> [EXERCISE BRIEF]: Your answer must be an exact copy of the data below, minus any pictures.

[SUPPLIED RECORDS Boundary: Start]

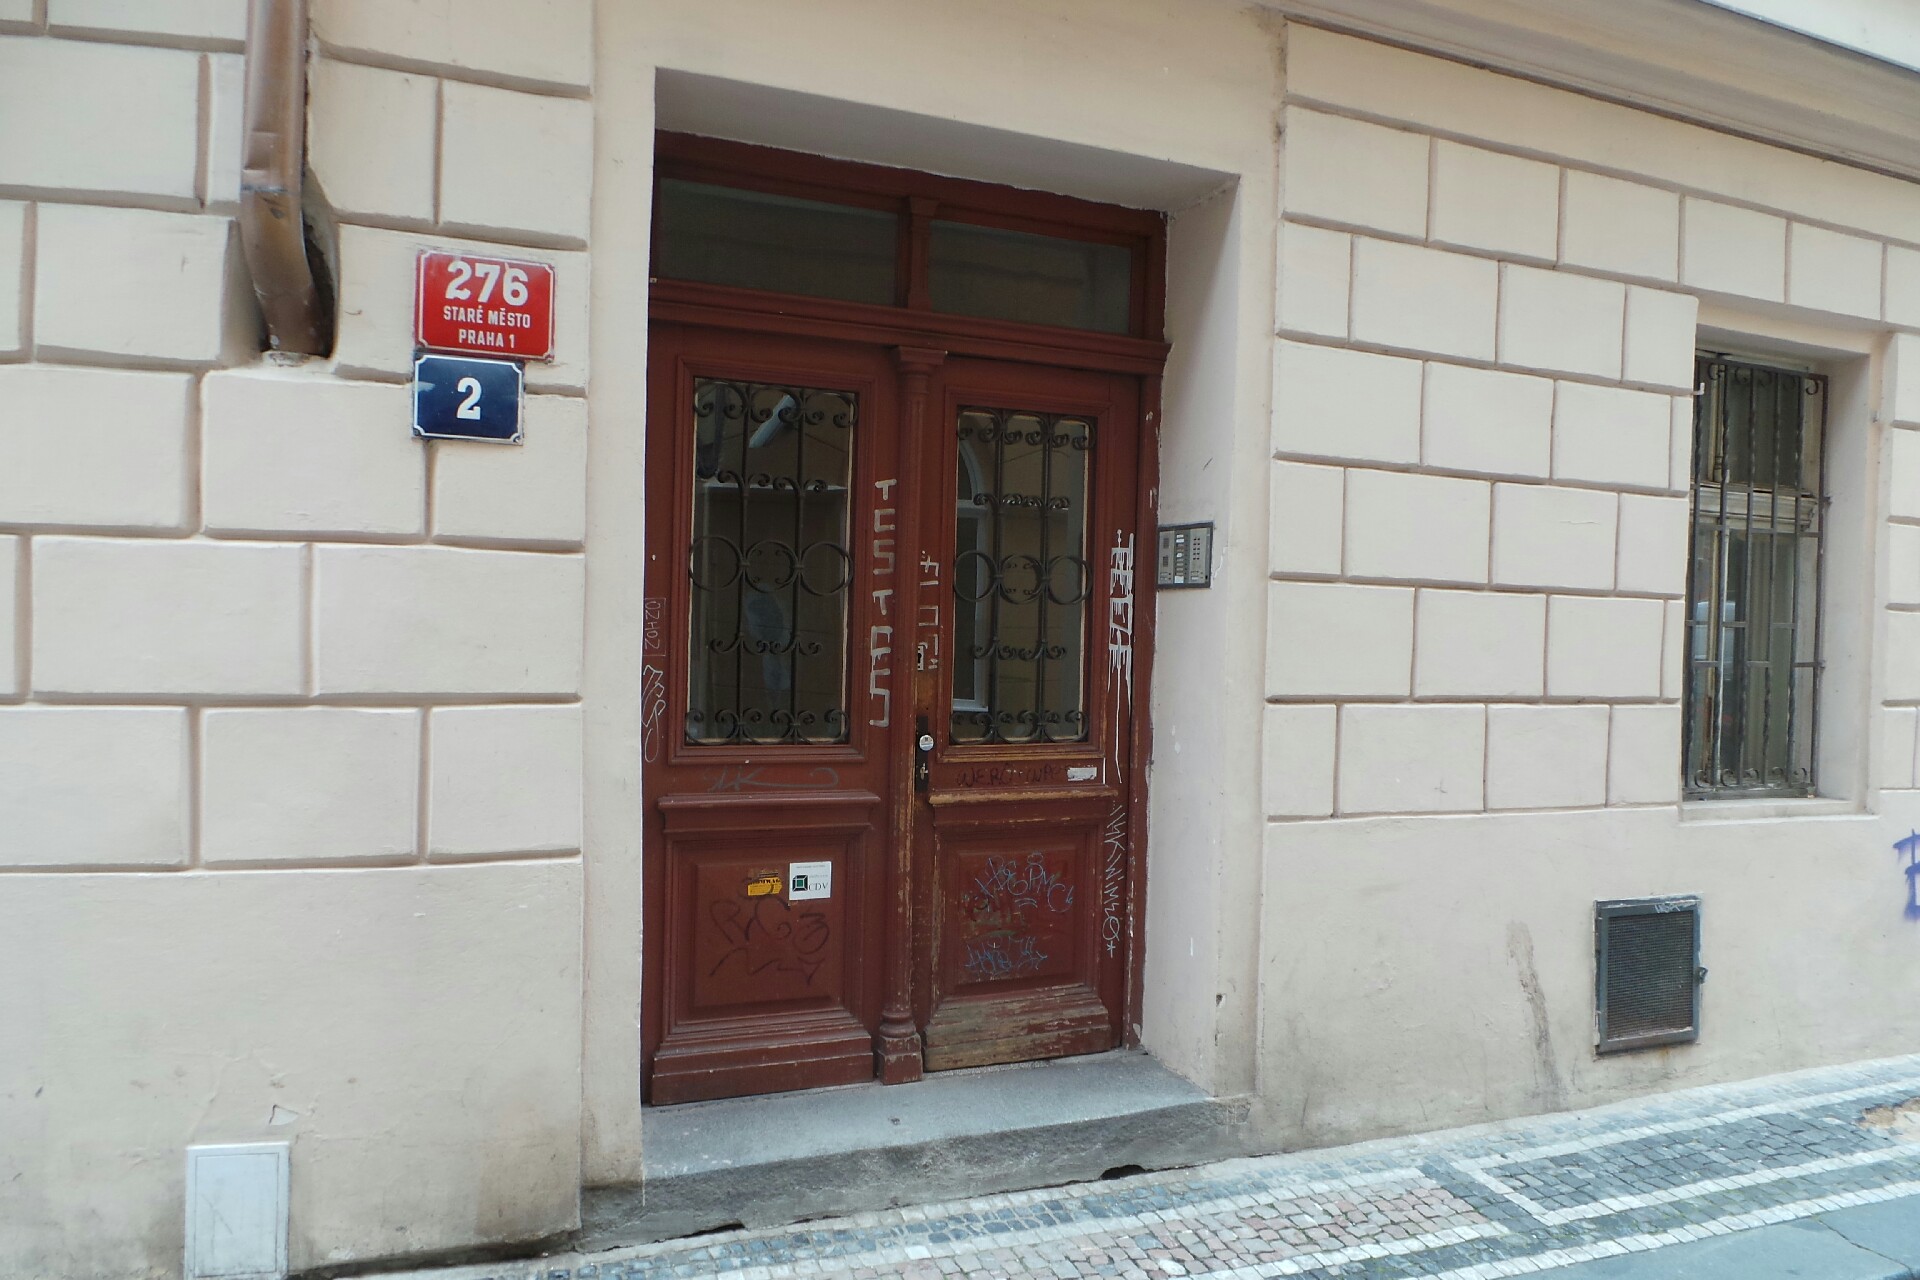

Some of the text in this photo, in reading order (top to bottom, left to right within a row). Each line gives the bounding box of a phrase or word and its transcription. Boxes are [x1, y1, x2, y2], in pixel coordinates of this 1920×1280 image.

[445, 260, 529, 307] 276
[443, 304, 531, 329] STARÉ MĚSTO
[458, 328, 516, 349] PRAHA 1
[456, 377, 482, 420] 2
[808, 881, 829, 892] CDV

[SUPPLIED RECORDS Boundary: End]

> [PROBLEM SOLUTION]:
Some of the text in this photo, in reading order (top to bottom, left to right within a row). Each line gives the bounding box of a phrase or word and its transcription. Boxes are [x1, y1, x2, y2], in pixel coordinates of this 1920×1280 image.

[445, 260, 529, 307] 276
[443, 304, 531, 329] STARÉ MĚSTO
[458, 328, 516, 349] PRAHA 1
[456, 377, 482, 420] 2
[808, 881, 829, 892] CDV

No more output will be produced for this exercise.